Tumbas abiertas, desde Centroamérica hasta EEUU

Washington, Estados Unidos. Agencia EFE | 16 junio de 2017


La frontera entre México y EEUU es la más mortal de América, según la Organización Internacional para las Migraciones (OIM): en ella se registraron 6,951 muertes entre 1998 y 2016.

De acuerdo con los datos del Gobierno estadounidense, unas 3,000 muertes se produjeron en el estado de Arizona, especialmente en el desierto de Sonora, uno de los puntos de cruce más peligrosos junto al río Grande (Texas).

El centro Colibrí, en Tucson (Arizona), ayuda a identificar los restos encontrados en la frontera y ha registrado hasta ahora 2,500 desaparecidos en el cruce. Toma muestras de ADN de los familiares que denuncian desapariciones y los compara con los restos que obtiene el médico forense del Condado de Pima, en el sur de Arizona, donde se halla el desierto de Sonora.

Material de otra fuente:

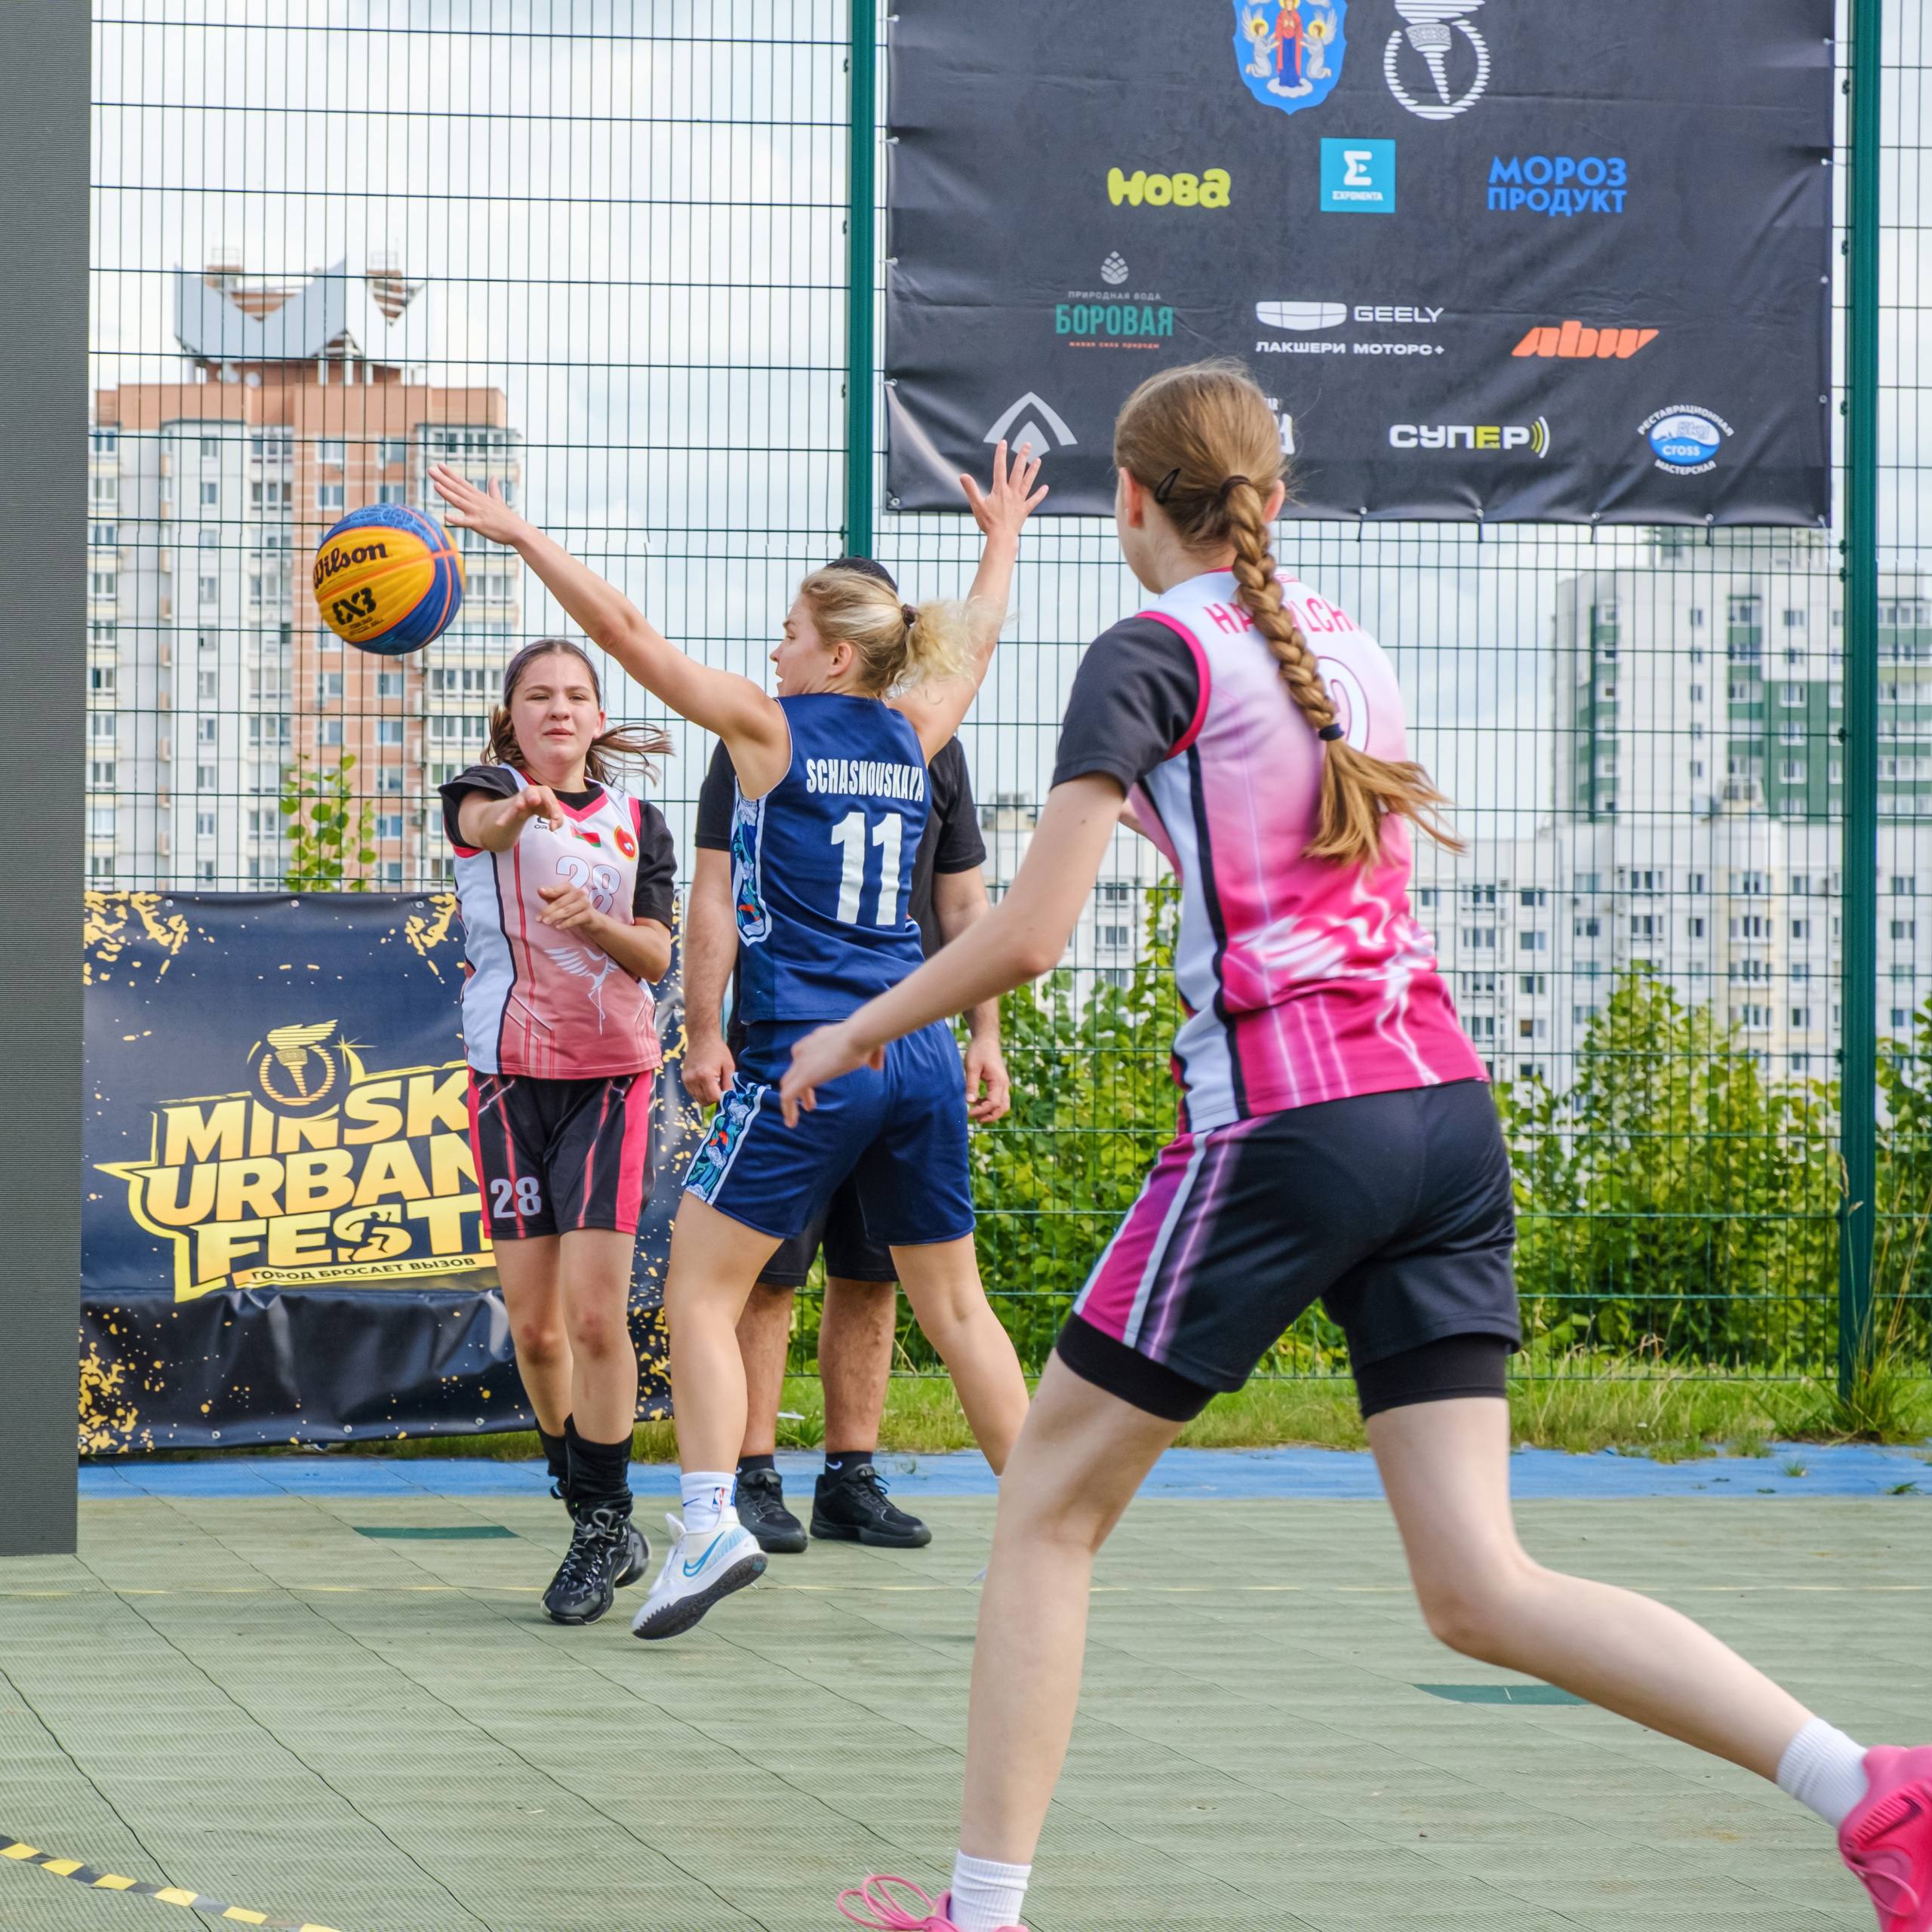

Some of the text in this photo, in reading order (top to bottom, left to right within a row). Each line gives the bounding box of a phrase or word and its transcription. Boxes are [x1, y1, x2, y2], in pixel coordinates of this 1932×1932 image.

[1488, 155, 1628, 187] МОРОЗ
[1487, 186, 1628, 217] ПРОДУКТ
[1068, 291, 1161, 301] ПРИРОДНАЯ ВОДА
[1056, 304, 1174, 336] БОРОВАЯ
[1354, 306, 1444, 323] GEELY
[1255, 341, 1346, 354] ЛАКШЕРИ
[1389, 424, 1531, 450] СУПЕР
[1637, 405, 1734, 437] РЕСТАВРАЦИОННАЯ
[1654, 459, 1717, 475] МАСТЕРСКАЯ
[313, 543, 388, 589] Wilson
[806, 758, 924, 802] SCHASNOUSKAYA
[831, 811, 902, 926] 11
[556, 855, 621, 915] 28
[162, 1069, 470, 1166] MINSK
[133, 1133, 479, 1226] URBAN
[491, 1177, 542, 1219] 28
[189, 1192, 482, 1283] FEST
[251, 1257, 476, 1281] ГОРОД БРОСАЕТ ВЫЗОВ

"Es importante porque estás dando a la familia una respuesta que ha estado esperando durante mucho tiempo", explicó a Efe Reyna Araibi, del Centro Colibrí.

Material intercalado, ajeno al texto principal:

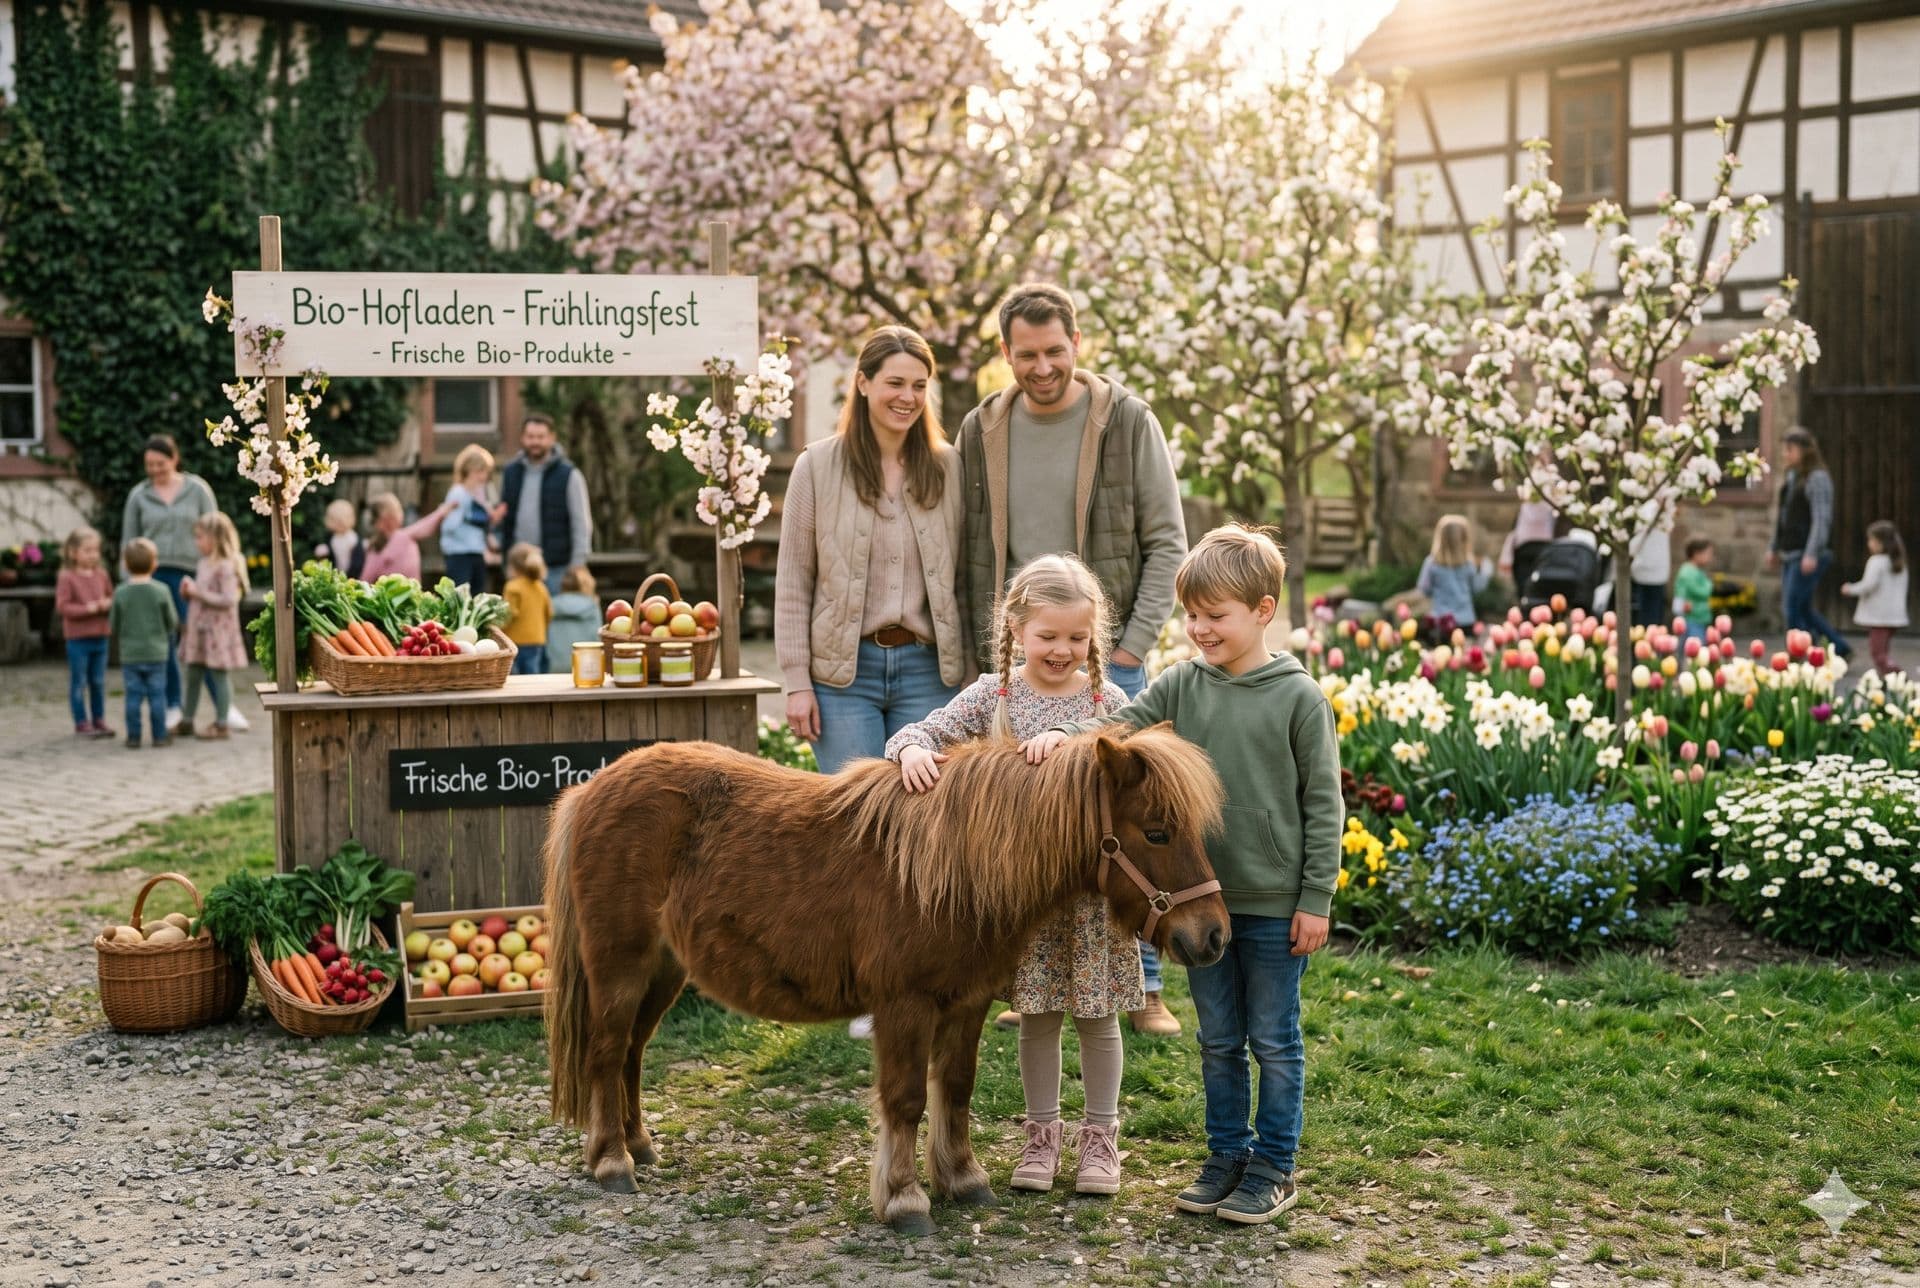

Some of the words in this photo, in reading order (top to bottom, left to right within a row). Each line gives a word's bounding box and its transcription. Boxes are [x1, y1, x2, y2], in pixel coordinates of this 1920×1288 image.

[292, 286, 495, 335] Bio-Hofladen
[524, 289, 700, 339] Frühlingsfest
[391, 340, 465, 365] Frische
[477, 340, 615, 365] Bio-Produkte
[400, 760, 488, 795] Frische

El objetivo es cerrar las heridas y evitar una experiencia de revictimización como la que sufrió la guatemalteca Lisy Santos Mérida, de 32 años.

Su marido puso rumbo a EEUU en 2010 y, un año después, las autoridades guatemaltecas la llamaron para decirle que habían encontrado sus restos.

"Me dijeron que lo habían encontrado y que iban a hacer una cremación, yo en ese momento no me di cuenta, pero luego pensé, ¿cómo van a quemar sus restos sin que yo lo identifique?", recordó a Efe por teléfono desde Guatemala.

Trató de impedir la cremación, pero no pudo.